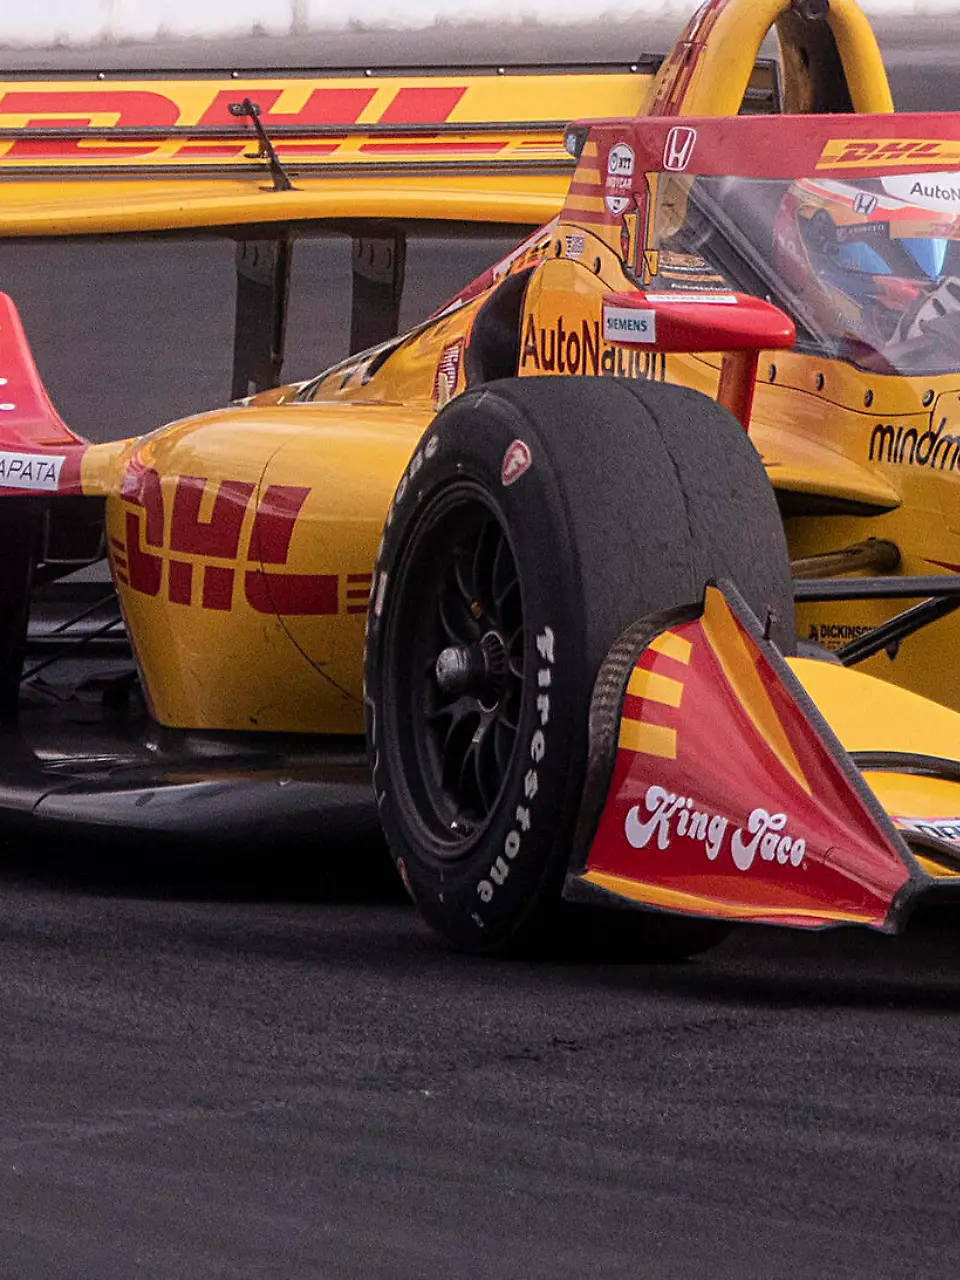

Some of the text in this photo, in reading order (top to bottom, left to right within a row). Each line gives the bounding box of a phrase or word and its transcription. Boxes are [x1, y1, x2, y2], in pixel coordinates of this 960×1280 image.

[836, 142, 943, 163] DHL
[606, 318, 648, 332] SIEMENS
[120, 468, 339, 616] DHL
[476, 625, 556, 904] Firestone
[624, 785, 806, 871] King Taco

### TRY IT
When a record holds a picture, leave that picture out; copy the rest verbatim.

### EXERCISE OUTPUT
Some of the text in this photo, in reading order (top to bottom, left to right within a row). Each line gives the bounding box of a phrase or word and its transcription. Boxes are [x1, y1, x2, y2], in pixel coordinates of this 960×1280 image.

[836, 142, 943, 163] DHL
[606, 318, 648, 332] SIEMENS
[120, 468, 339, 616] DHL
[476, 625, 556, 904] Firestone
[624, 785, 806, 871] King Taco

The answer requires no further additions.